Can you open a JIRA for this ?

Suppose that server A has the latest log but only talks with server B
during leader election (C is down or slow). A doesn't know whether
or not the latest operations in its log are committed (in this case C
would have them, but A doesn't know if this is the case). So to be
safe
everything in A's log gets committed in this case.

We took the approach that a reconfiguration is treated similarly to
normal data updates. When a server has the most up-to-date log and
talks with a majority during leader election, it will be elected
leader and commit its log to the other servers. It won't truncate its
log even
if its clear that some operations were not committed. This is true for
normal updates as well as for reconfigurations.

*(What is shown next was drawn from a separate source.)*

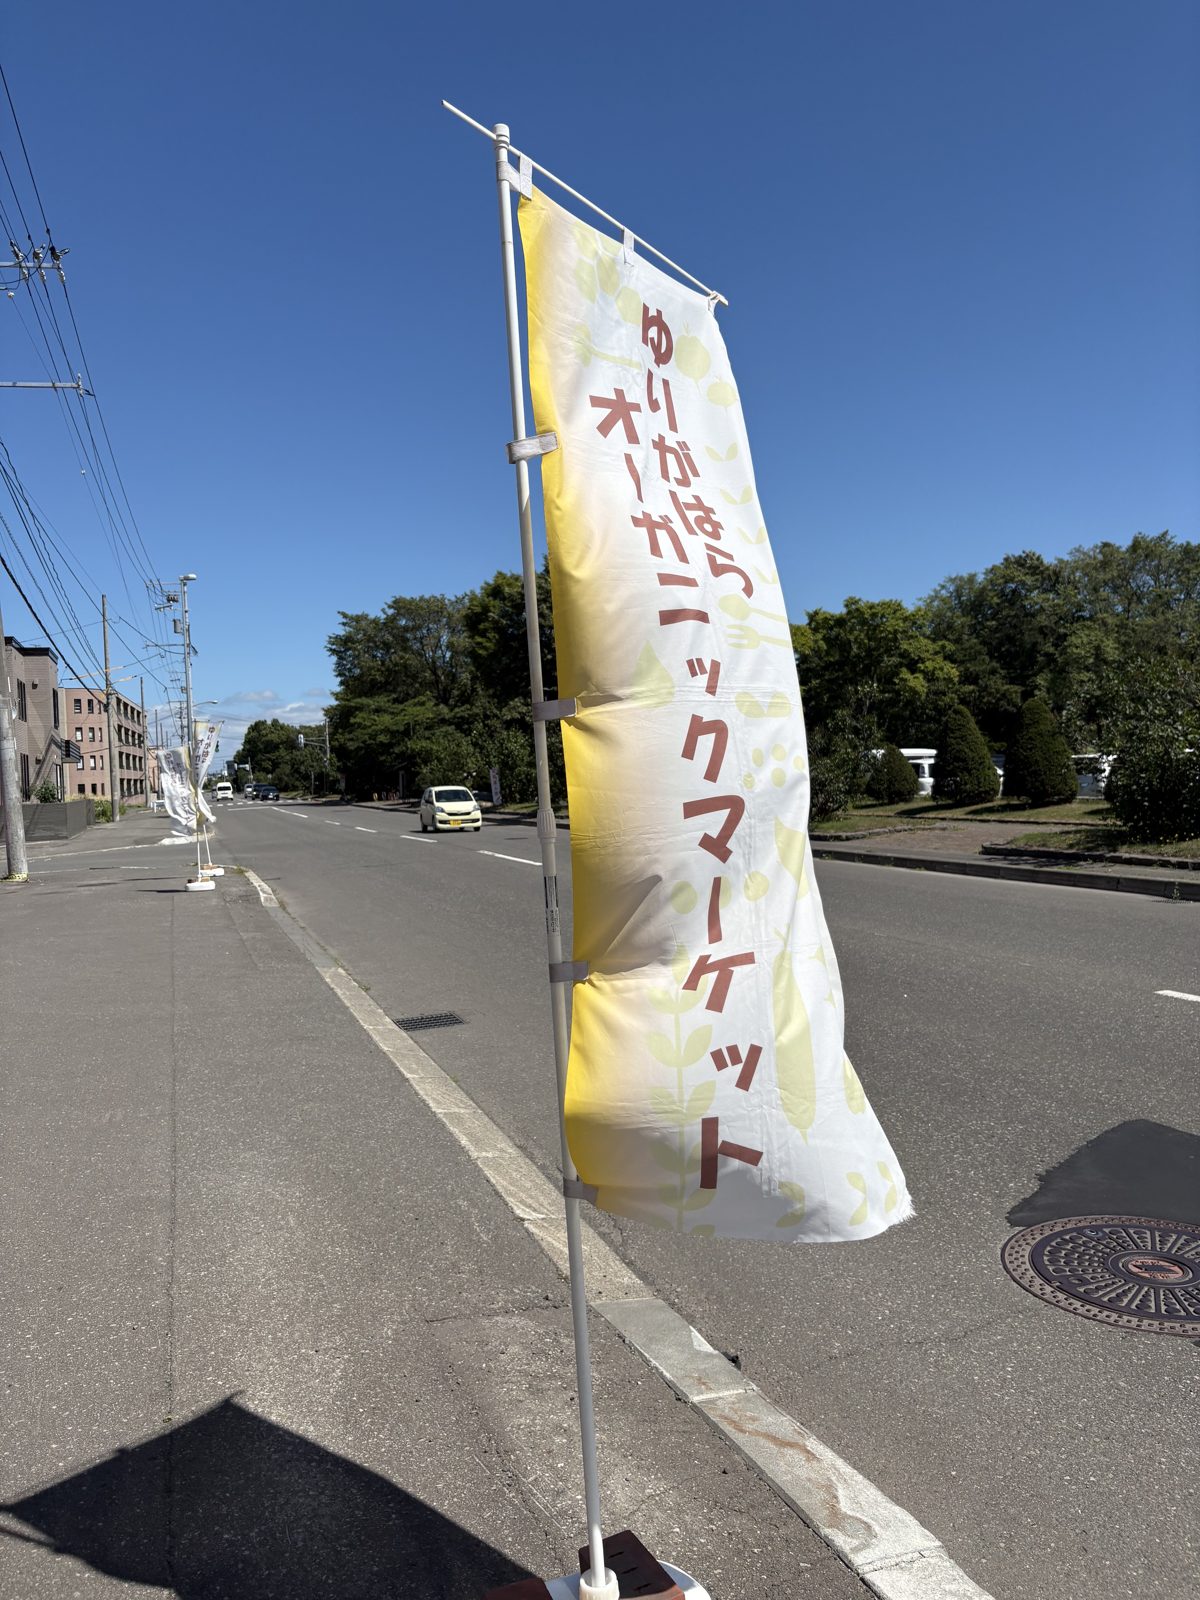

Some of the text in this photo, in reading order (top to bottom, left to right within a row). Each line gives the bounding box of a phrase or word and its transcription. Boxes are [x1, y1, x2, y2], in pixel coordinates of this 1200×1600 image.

BTW, I'm not sure why you are shutting down servers or clearing the
data during reconfigurations, or why you're manually changing config
files.
You can add servers to the ensemble by invoking the reconfig command
and this will make all the necessary changes to the config files,
including specifying the right config version.

Alex
On Fri, Jun 21, 2013 at 3:00 PM, Mohammad Shamma
<[EMAIL PROTECTED]> wrote:
> I have a use case where I dynamically grow a zookeeper ensemble on the same
> fixed set of machines multiple times. In each iteration, the ensemble is
> grown incrementally till it consists of "n" servers. I will refer to the
> machines hosting the servers as zk-1, zk-2, ..., zk-n.
>
> At the beginning of each iteration, I wipe out the zookeeper data
> directories of zk-1 and zk-2, then statically configure the zookeeper
> servers on both of them to form a 2-way ensemble. After that, I start
> growing the ensemble incrementally by reconfiguring the zookeeper ensemble
> to include zk-i, then clearing, configure and starting the zookeeper server
> on zk-i (that is for i in range(2,n)).
>
> I was not shutting down or cleaning up the previous ensemble zookeeper
> servers at the end of each iteration. After initializing the 2-way ensemble
> on zk-1 and zk-2, I observed that the servers from the old deployment were
> contacting the servers of the new ensemble and triggering an ensemble
> reconfiguration. A quick look at the code seems to suggest that this is
> simply triggered by the virtue that the config version value of the old
> deployment server is higher than that of that found on the new ensemble
> servers. Can anyone confirm my understanding of this behaviour of zookeeper?
>
> I also noticed that his reconfiguration holds true for n=3. For example
> lets say zookeeper  servers on zk-1 and zk-2 are freshly configured to form
> a 2-way ensemble, and zk-3 contains a leftover server that was part of an
> older 3-way ensemble (that included two obselete servers on zk-1 and zk-2).
> To me it seems a bit counter intuitive for one server (on zk-3) to drive
> the configuration of two other servers (zk1, zk2). The reason why it
> seems counter intuitive is that the majority of the servers in the ensemble
> agree on a different config version. Can somebody explain how zookeeper
> handles this situation?
>
> One final note, it would be really useful if a zookeeper ensemble would
> have a unique identifier that could be set in the "zoo.cfg" file. Whenever
> servers communicate witch each other, they would verify that they are
> talking to peers of the same ensemble before commencing with further
> actions. Does that sound like a reasonable request?
>
> Thanks,
>
> --
> Mohammad Shamma